Migrating from Lucene 2.9.1 to Solr 1.4.0 - Performance issues under heavy load

classic Classic list List threaded Threaded
2 messages Options
Reply | Threaded
Open this post in threaded view
|

Migrating from Lucene 2.9.1 to Solr 1.4.0 - Performance issues under heavy load

Ophir Adiv
Hi,



I’m currently involved in a project of migrating from Lucene 2.9.1 to Solr
1.4.0.

During stress testing, I encountered this performance problem:

While actual search times in our shards (which are now running Solr) have
not changed, the total time it takes for a query has increased dramatically.

During this performance test, we of course do not modify the indexes.

Our application is sending Solr select queries concurrently to the 8 shards,
using CommonsHttpSolrServer.

I added some timing debug messages, and found that
CommonsHttpSolrServer.java, line 416 takes about 95% of the application’s
total search time:

int statusCode = _httpClient.executeMethod(method);



Just to clarify: looking at access logs of the Solr shards, TTLB for a query
might be around 5 ms. (on all shards), but httpClient.executeMethod() for
this query can be much higher – say, 50 ms.
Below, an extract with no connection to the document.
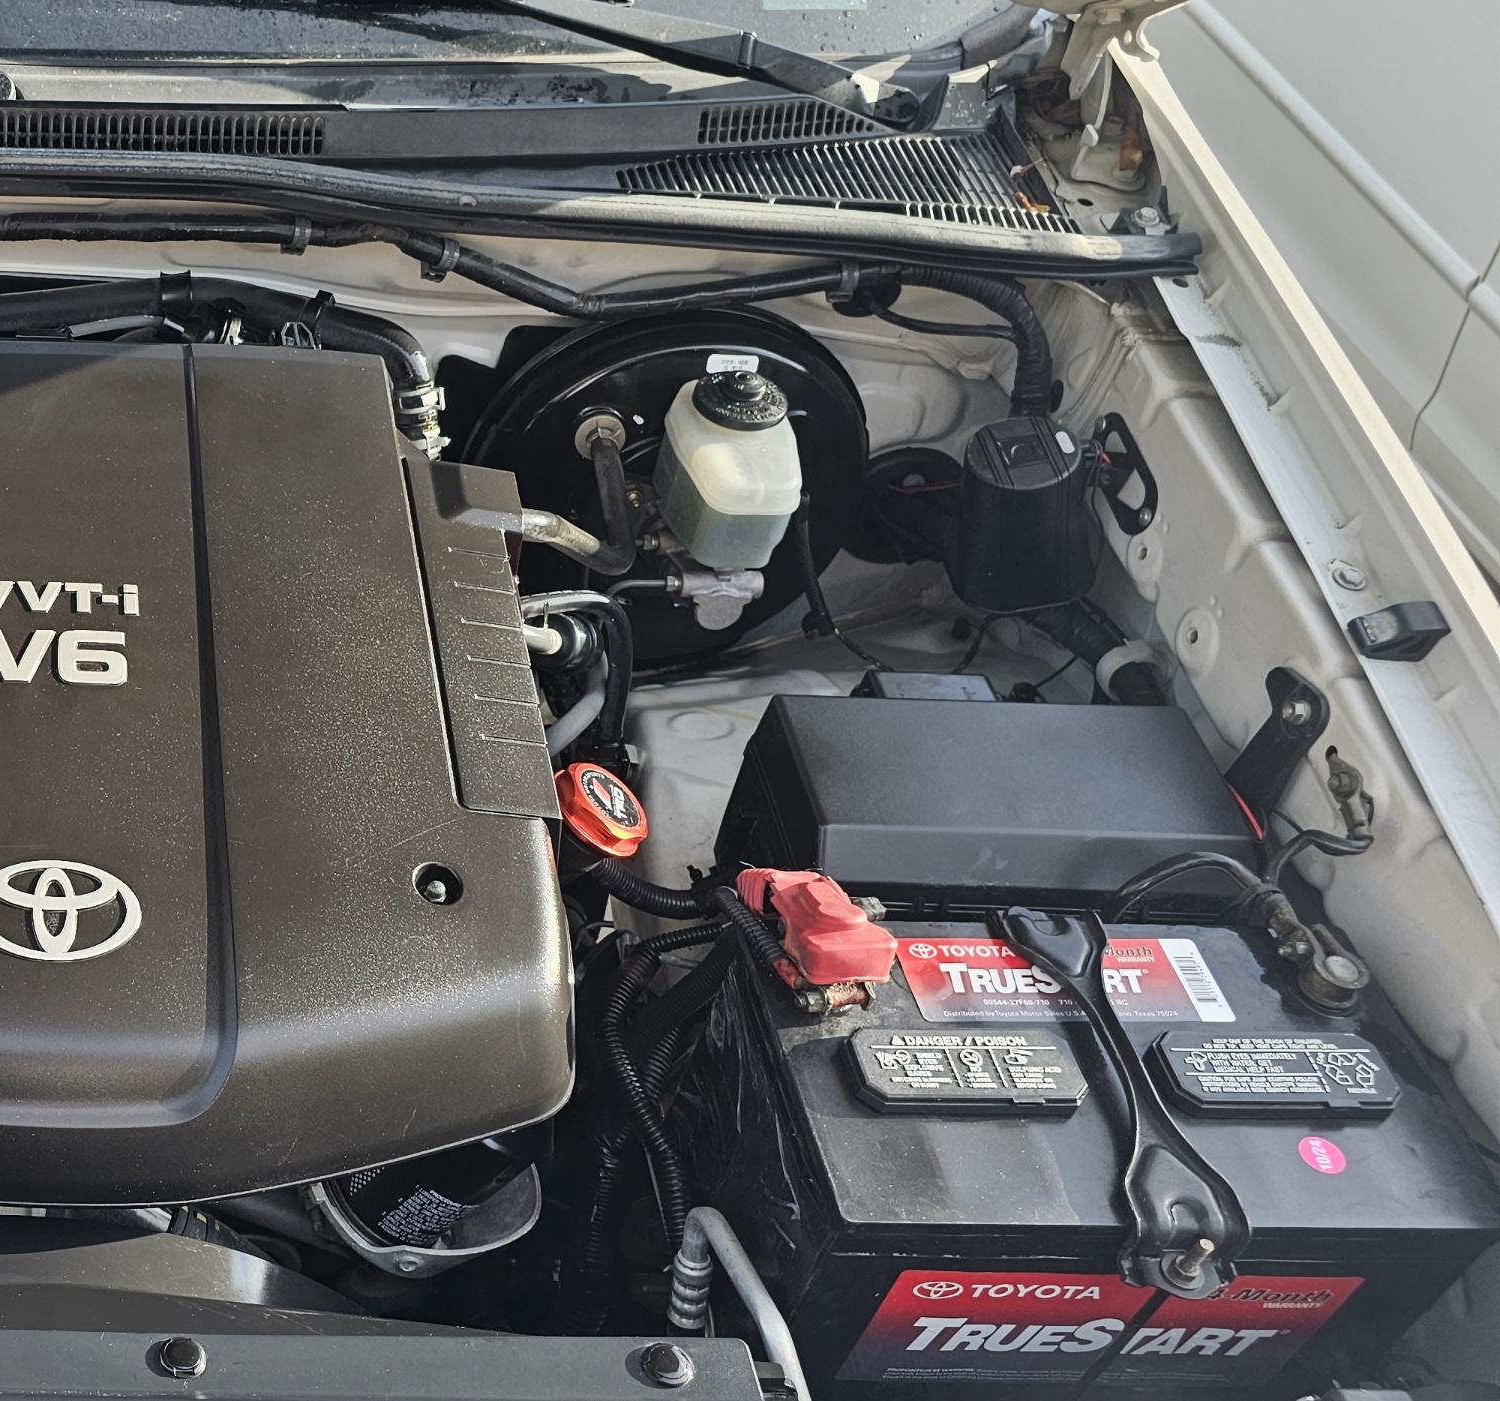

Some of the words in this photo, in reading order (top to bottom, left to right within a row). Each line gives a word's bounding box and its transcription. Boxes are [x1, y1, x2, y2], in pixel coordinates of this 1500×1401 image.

On average, if under light load queries take 12 ms. on average, under heavy
load the take around 22 ms.



Another route we tried to pursue is add the “shards=shard1,shard2,…”
parameter to the query instead of doing this ourselves, but this doesn’t
seem to work due to an NPE caused by QueryComponent.returnFields(), line
553:

if (returnScores && sdoc.score != null) {



where sdoc is null. I saw there is a null check on trunk, but since we’re
currently using Solr 1.4.0’s ready-made WAR file, I didn’t see an easy way
around this.

Note: we’re using a custom query component which extends QueryComponent, but
debugging this, I saw nothing wrong with the results at this point in the
code.



Our previous code used HTTP in a different manner:

For each request, we created a new
sun.net.www.protocol.http.HttpURLConnection, and called its getInputStream()
method.

Under the same load as the new application, the old application does not
encounter the delays mentioned above.



Our current code is initializing CommonsHttpSolrServer for each shard this
way:



                                MultiThreadedHttpConnectionManager
httpConnectionManager = new MultiThreadedHttpConnectionManager();


httpConnectionManager.getParams().setTcpNoDelay(true);


httpConnectionManager.getParams().setMaxTotalConnections(1024);


httpConnectionManager.getParams().setStaleCheckingEnabled(false);

                                HttpClient httpClient = new HttpClient();

                                HttpClientParams params = new
HttpClientParams();


params.setCookiePolicy(CookiePolicy.IGNORE_COOKIES);

                                params.setAuthenticationPreemptive(false);


params.setContentCharset(StringConstants.UTF8);

                                httpClient.setParams(params);


httpClient.setHttpConnectionManager(httpConnectionManager);



and passing the new HttpClient to the Solr Server:

solrServer = new CommonsHttpSolrServer(coreUrl, httpClient);



We tried two different ways – one with a single
MultiThreadedHttpConnectionManager and HttpClient for all the SolrServer’s,
and the other with a new MultiThreadedHttpConnectionManager and HttpClient
for each SolrServer.

Both tries yielded similar performance results.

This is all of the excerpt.